[What you need to do] Copy out the data exactly as it appears, without a single image.

(Saved entries)
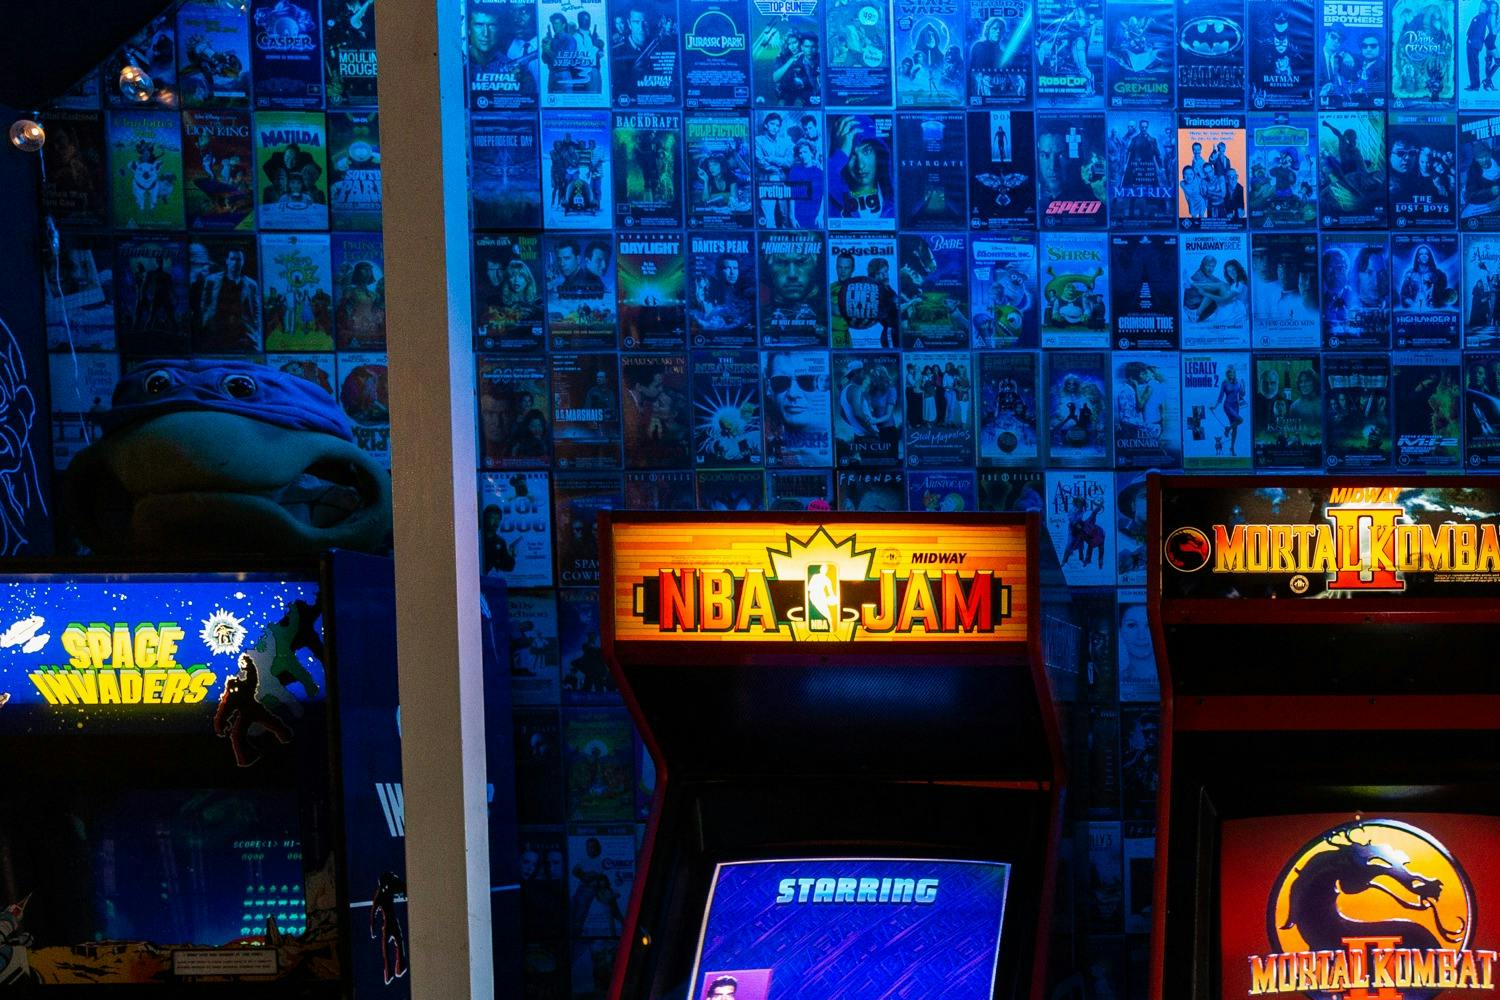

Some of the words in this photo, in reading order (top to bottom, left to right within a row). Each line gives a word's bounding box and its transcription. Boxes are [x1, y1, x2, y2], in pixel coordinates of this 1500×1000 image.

[768, 1, 784, 12] TOP
[785, 1, 803, 12] GUN
[1324, 6, 1384, 16] BLUES
[1324, 16, 1384, 24] BROTHERS
[721, 34, 743, 49] PARK
[476, 73, 517, 82] LETHAL
[1264, 75, 1300, 83] BATMAN
[472, 81, 520, 91] WEAPON
[1114, 81, 1169, 94] GREMLINS
[616, 116, 679, 128] BACKDRAFT
[1184, 116, 1240, 128] Trainspotting
[186, 126, 214, 136] LION
[217, 126, 248, 136] KING
[1113, 186, 1172, 199] MATRIX
[1412, 196, 1432, 204] THE
[1046, 201, 1101, 215] SPEED
[619, 242, 679, 254] DAYLIGHT
[692, 240, 724, 254] DANTE'S
[725, 240, 749, 253] PEAK
[1185, 241, 1223, 250] RUNAWAY
[1118, 317, 1151, 329] CRIMSON
[1153, 317, 1174, 329] TIDE
[1184, 360, 1217, 376] LEGALLY
[849, 442, 866, 452] TIN
[873, 442, 892, 452] CUP
[1329, 487, 1402, 504] MIDWAY
[1212, 524, 1365, 573] MORTAL
[911, 552, 967, 564] MIDWAY
[658, 568, 780, 633] NBA
[861, 568, 996, 633] JAM
[61, 622, 185, 669] SPACE
[29, 665, 217, 705] INVADERS
[776, 878, 939, 904] STARRING
[1248, 950, 1369, 995] MORTAL
[1372, 948, 1496, 990] KOMBAT
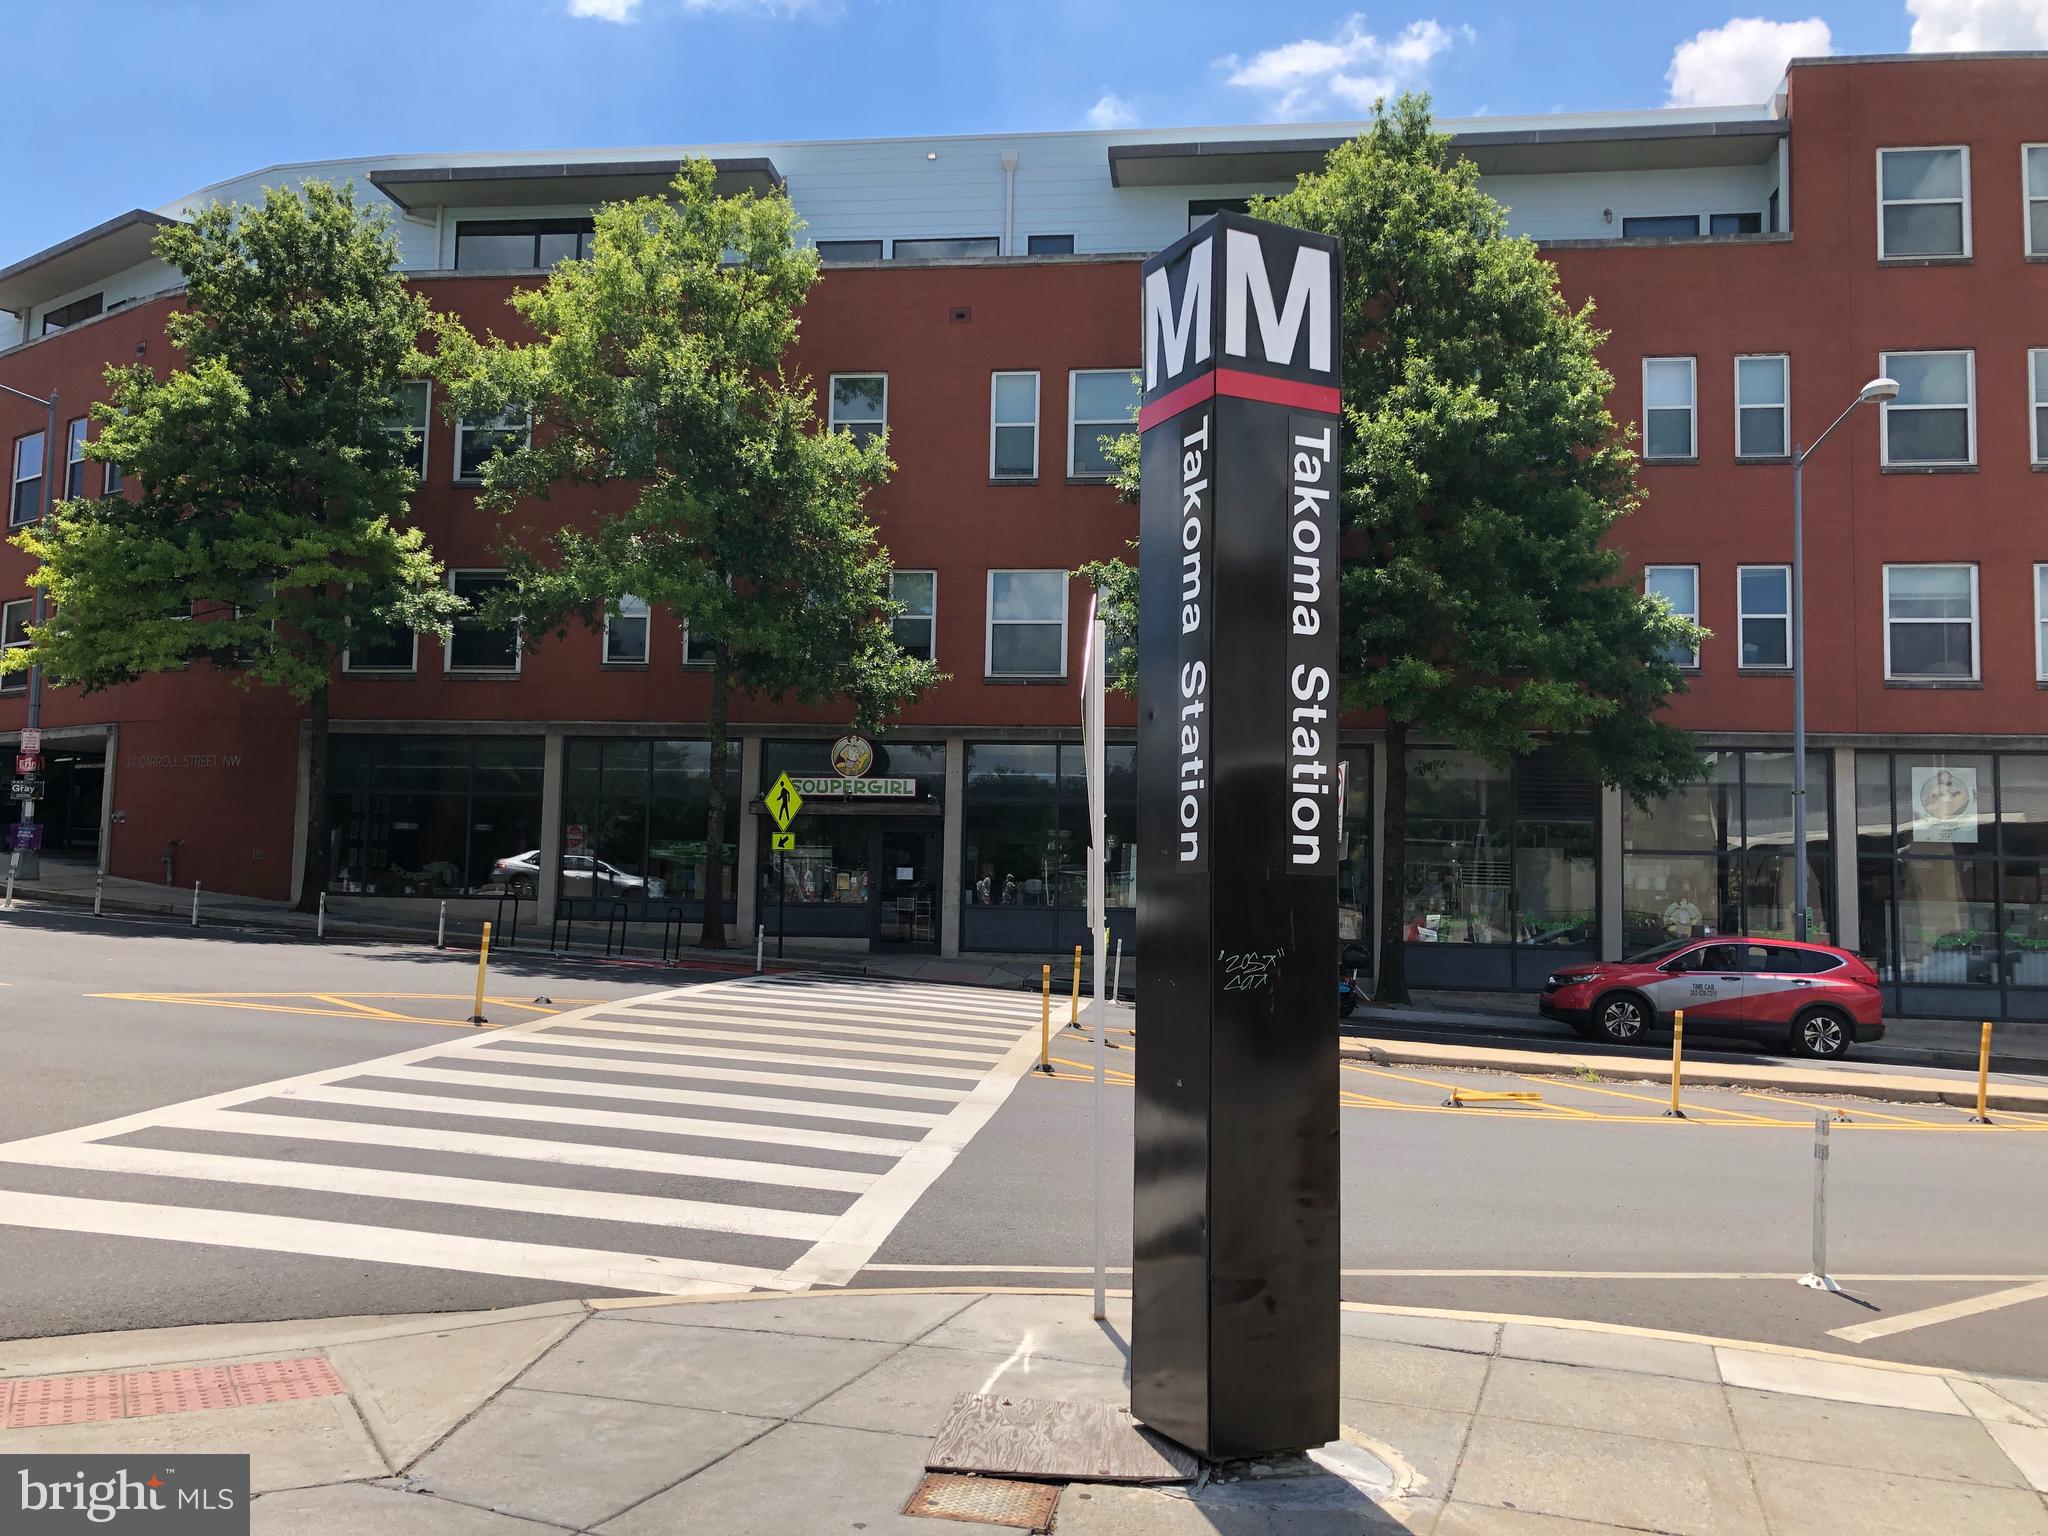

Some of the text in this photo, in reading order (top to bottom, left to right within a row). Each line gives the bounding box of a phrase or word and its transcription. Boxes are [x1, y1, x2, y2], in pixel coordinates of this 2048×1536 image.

[1146, 236, 1213, 392] M
[1225, 228, 1331, 373] M
[1180, 414, 1209, 862] Takoma Station
[1291, 428, 1331, 865] Takoma Station
[12, 784, 35, 794] Gray
[184, 754, 218, 768] STREET
[222, 754, 242, 768] NW
[793, 779, 914, 795] SOUPERGIRL

[Result]
Some of the words in this photo, in reading order (top to bottom, left to right within a row). Each line gives a word's bounding box and its transcription. Boxes are [x1, y1, x2, y2], in pixel coordinates of this 1500×1000 image.

[768, 1, 784, 12] TOP
[785, 1, 803, 12] GUN
[1324, 6, 1384, 16] BLUES
[1324, 16, 1384, 24] BROTHERS
[721, 34, 743, 49] PARK
[476, 73, 517, 82] LETHAL
[1264, 75, 1300, 83] BATMAN
[472, 81, 520, 91] WEAPON
[1114, 81, 1169, 94] GREMLINS
[616, 116, 679, 128] BACKDRAFT
[1184, 116, 1240, 128] Trainspotting
[186, 126, 214, 136] LION
[217, 126, 248, 136] KING
[1113, 186, 1172, 199] MATRIX
[1412, 196, 1432, 204] THE
[1046, 201, 1101, 215] SPEED
[619, 242, 679, 254] DAYLIGHT
[692, 240, 724, 254] DANTE'S
[725, 240, 749, 253] PEAK
[1185, 241, 1223, 250] RUNAWAY
[1118, 317, 1151, 329] CRIMSON
[1153, 317, 1174, 329] TIDE
[1184, 360, 1217, 376] LEGALLY
[849, 442, 866, 452] TIN
[873, 442, 892, 452] CUP
[1329, 487, 1402, 504] MIDWAY
[1212, 524, 1365, 573] MORTAL
[911, 552, 967, 564] MIDWAY
[658, 568, 780, 633] NBA
[861, 568, 996, 633] JAM
[61, 622, 185, 669] SPACE
[29, 665, 217, 705] INVADERS
[776, 878, 939, 904] STARRING
[1248, 950, 1369, 995] MORTAL
[1372, 948, 1496, 990] KOMBAT

Some of the text in this photo, in reading order (top to bottom, left to right within a row). Each line gives the bounding box of a phrase or word and its transcription. Boxes are [x1, y1, x2, y2], in pixel coordinates of this 2048×1536 image.

[1146, 236, 1213, 392] M
[1225, 228, 1331, 373] M
[1180, 414, 1209, 862] Takoma Station
[1291, 428, 1331, 865] Takoma Station
[12, 784, 35, 794] Gray
[184, 754, 218, 768] STREET
[222, 754, 242, 768] NW
[793, 779, 914, 795] SOUPERGIRL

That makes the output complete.